One of four people working as directors in Canada’s first federal office of Indigenous languages is Inuk.
Nunavik’s Robert Watt, a former school board commissioner, will now be working to preserve Inuit languages and dialects across Inuit Nunangat in his new role as director in the Office of the Commissioner of Indigenous Languages, Steven Guilbeault, the minister of Canadian Heritage, announced Monday in a news conference.
“We are here to support you because we are working for you,” Watt said. “It is our language, our voice, we have to make sure it survives.”
Watt has organized terminology workshops, created databases for interpreters and personally helped create and teach an adult education translation and interpretation program, a Canadian Heritage news release stated.

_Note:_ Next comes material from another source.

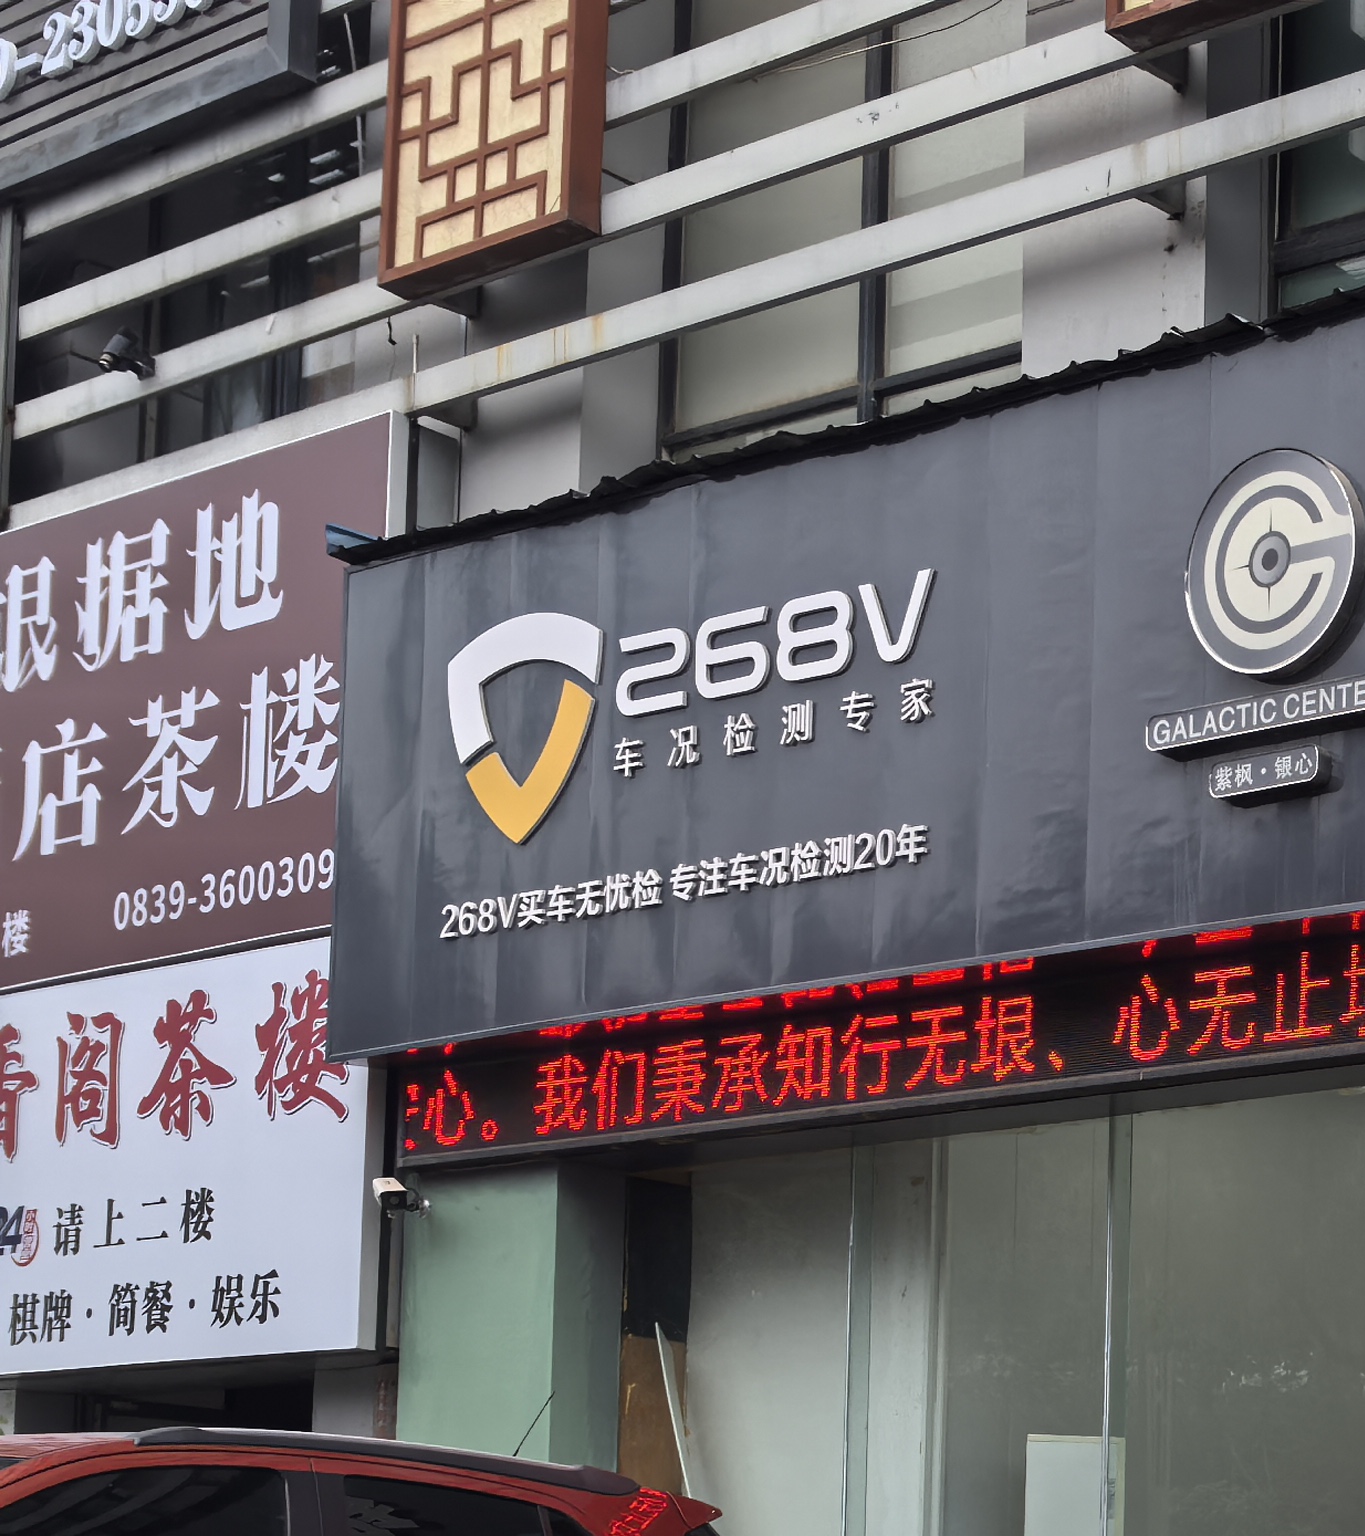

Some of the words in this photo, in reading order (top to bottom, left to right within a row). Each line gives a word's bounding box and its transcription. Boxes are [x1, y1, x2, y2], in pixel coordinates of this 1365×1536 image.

He used to be the president and commissioner of Nunavik’s school board, Kativik Ilisarniliriniq, where he advanced Inuktitut language through school programs, the release states.

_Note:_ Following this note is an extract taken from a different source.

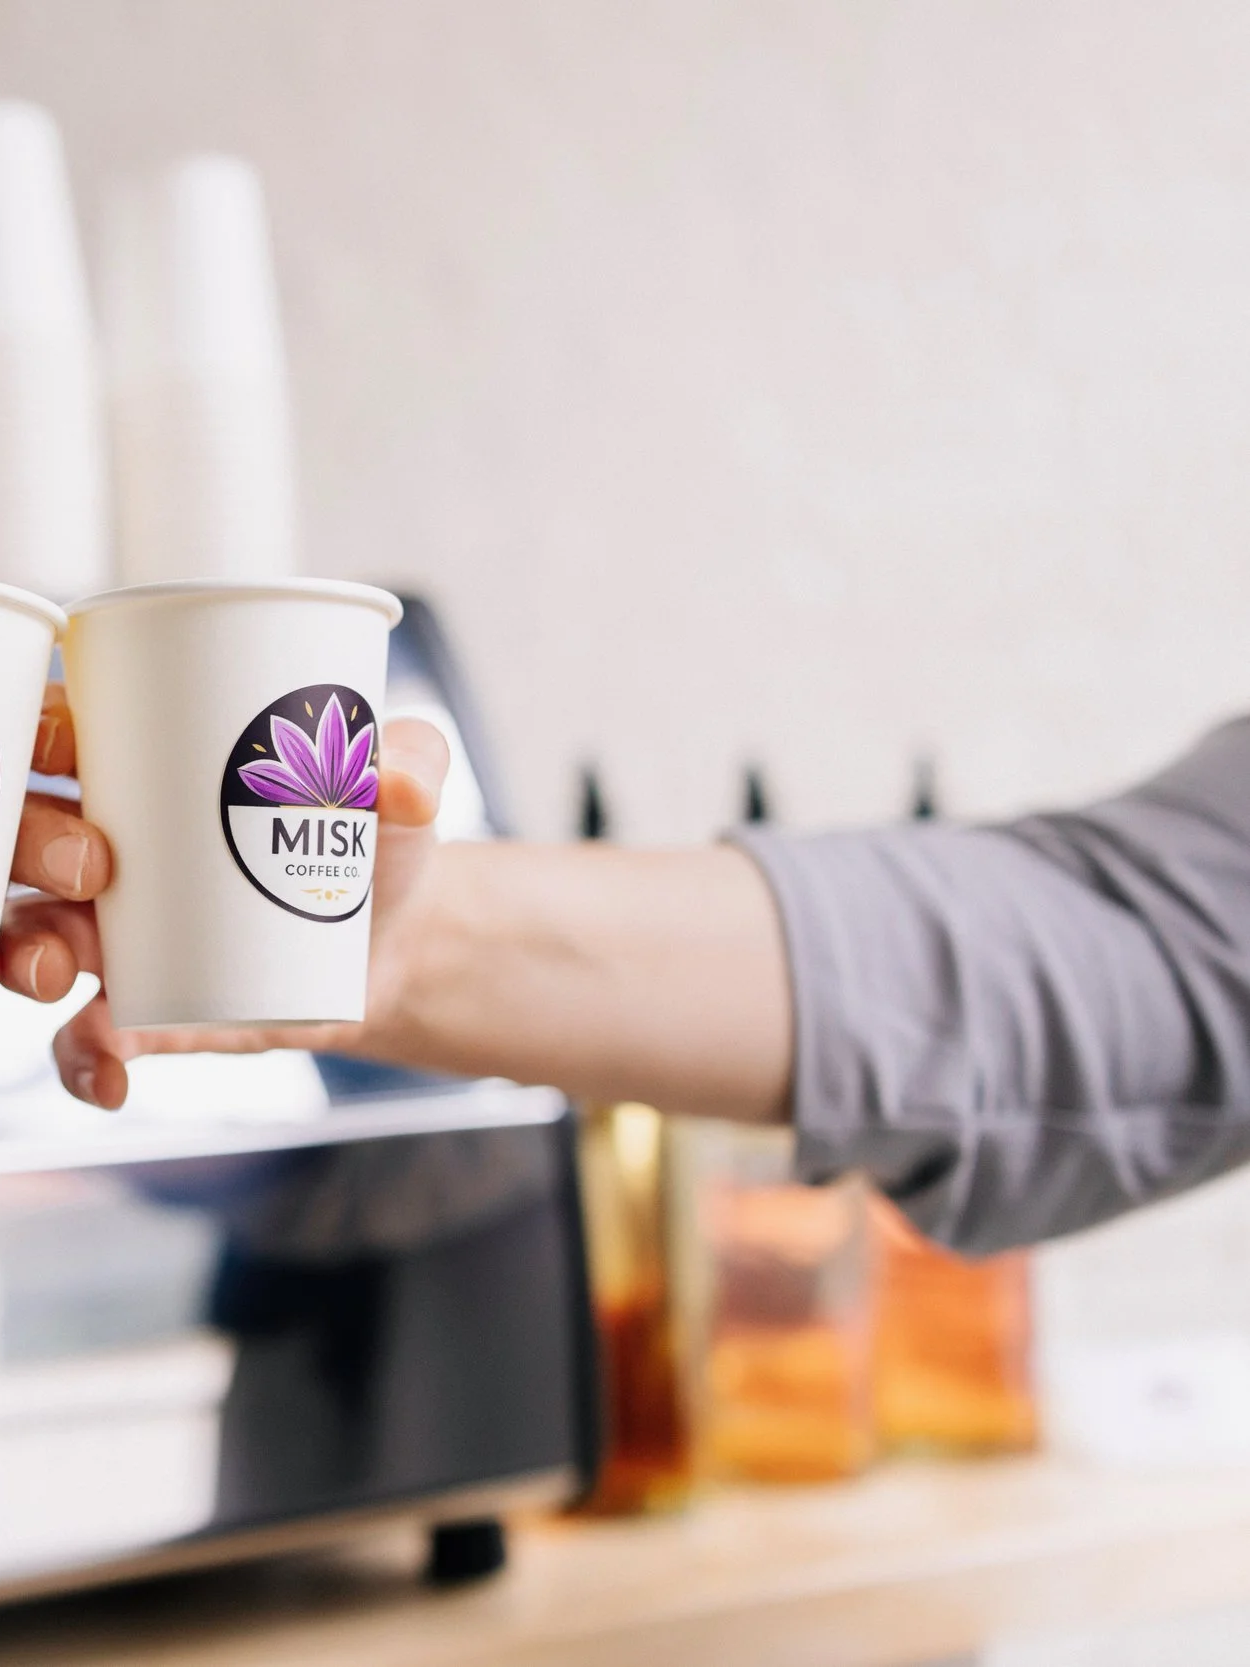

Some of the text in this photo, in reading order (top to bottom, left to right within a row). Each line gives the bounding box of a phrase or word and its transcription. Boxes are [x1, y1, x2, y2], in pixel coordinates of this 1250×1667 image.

[271, 817, 367, 857] MISK
[285, 864, 361, 878] COFFEE CO.

Before that, Watt collected nearly 800 statements from residential school survivors while he worked as co-director of the Inuit Sub-Commission at the Truth and Reconciliation Commission.
Watt also facilitated the first national gathering of Inuit throat singers and “paved the way” to the Government of Quebec granting throat singing special cultural heritage status.
“Since his early career [Watt] has been involved in promoting, protecting and preserving Inuktitut,” the release states.
Before the announcement was made, Nunavut’s languages commissioner Karliin Aariak said she hoped someone from Nunavut or an Inuktut-speaking community would be selected for one of the four director roles.
Aariak congratulated the first commissioner of Indigenous languages as well as the new directors in an email.
“I look forward to possible future collaborations,” she wrote.
Watt is one of three directors who work under the commissioner of the new office — Ronald E. Ignace, a member of the Secwepemc Nation in British Columbia.
“For those of us who have passionately cared about and fought for the future of our Indigenous languages, getting here has consumed nearly a lifetime,” Ignace said during the news conference.
“As we reclaim and rebuild our languages, there is much work ahead of us,” he said. “Some of our languages are hanging by a thread, having lost all or nearly all of their speakers.”
The other directors are Georgina Liberty and Joan Greyes, which means there is a First Nations, Métis and Inuk director on board.
Natan Obed, the president of Inuit Tapiriit Kanatami, also spoke at the conference.
“This is indeed a very special day,” he said.
Nunavut is unique because it is the only region in Canada where Indigenous languages are spoken by the majority, but that isn’t the case in all of Inuit Nunangat, he said.
“Each one of our regions ranges in a state of maintenance, revitalization and reclamation.”
“I’m not trying to put too much pressure on the directors and the commissioner, but this is something that we have been working towards for such a long time,” Obed said.
The creation of the new Office of the Commissioner of Indigenous Languages is a result of the Liberal government’s Indigenous Languages Act, Bill C-91, which was passed in June 2019 and includes $333.7 million in funding over a five-year period — the duration of the appointees’ terms.
The Department of Canadian Heritage held virtual consultations with Indigenous communities across Canada while creating the new office, and the Truth and Reconciliation Commission of Canada also called for consultation when choosing the commissioner.
The new office will operate independently from the Canadian government and is meant to support Indigenous peoples in their self-determining efforts to reclaim, revitalize, maintain and strengthen Indigenous languages, according to the release.
Doing research and creating culturally appropriate dispute resolution services are also parts of the office’s mandate.